Medicine for the gut to dampen Alzheimer’s disease progression

The National Institute of Aging awards UCI professors a five-year, multi-center grant to treat common early symptoms of Alzheimer’s disease.

Pictured: Masashi Kitazawa (left) and Lulu Chen (right).

The National Institute of Aging (NIA) recently awarded co-investigators Masashi Kitazawa, PhD, associate professor of environmental & occupational health at the UCI Program in Public Health and Lulu Chen, PhD, assistant professor of anatomy and neurobiology at the UCI School of Medicine, a five-year, multi-center grant to develop a new genetically engineered bacterial biologic L-DOPA to treat the most common early symptoms of Alzheimer’s disease (AD). 

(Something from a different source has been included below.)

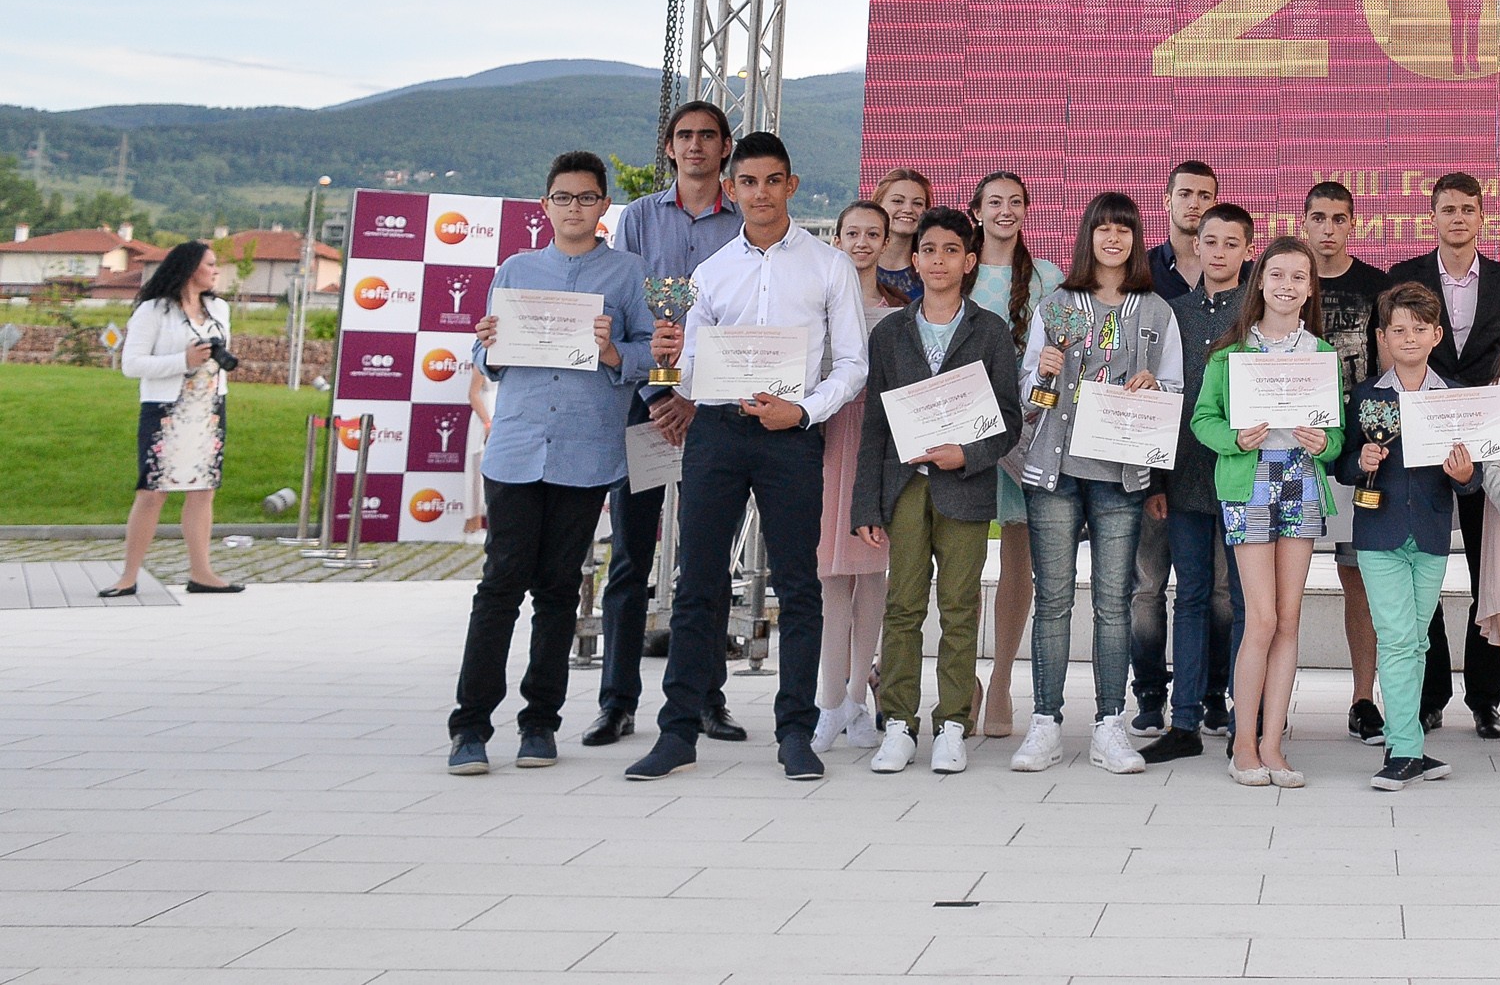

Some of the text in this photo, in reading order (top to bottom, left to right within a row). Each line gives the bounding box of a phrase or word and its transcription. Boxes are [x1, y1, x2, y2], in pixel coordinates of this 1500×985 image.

AD is a slowly progressive neurodegenerative disorder that usually manifests with deterioration of cognitive functions such as memory, language, judgment, and reasoning. No effective drug exists to dampen the specific brain proteins associated with AD progression. Current FDA-approved neurotherapeutics are modest at best in rescuing memory in mild cognitive impairment and early stages of AD cases. Many drugs actually worsen anxiety, apathy, depression, agitation, and other neurobehavioral symptoms, GI irritations, and even mortality. With no cure for AD today, researchers are diligently working to improve care and quality of life for all those affected. 

This project’s unique therapeutic pipeline strategy has the ability to change how we provide clinical care. Our interdisciplinary collaboration can accelerate the translational impact of our research in the AD field.”

– Masashi Kitazawa, PhD

The project aims to optimize a treatment option of using a common bacteria that resides in the gut to restore brain inputs that can alleviate cognitive and behavioral deficits and ultimately delay disease onset. Using mouse models, Kitazawa and Chen will investigate the probiotic’s ability to relieve AD symptoms without additional side effects. Researchers expect that the delivery of L-DOPA bacterial live- therapeutics (LDBL) should produce better results than the current treatment of chronic pulsatile delivery that causes severe side effects. 


“This project’s unique therapeutic pipeline strategy has the ability to change how we provide clinical care,” says Kitazawa. “Our interdisciplinary collaboration can accelerate the translational impact of our research in the AD field.”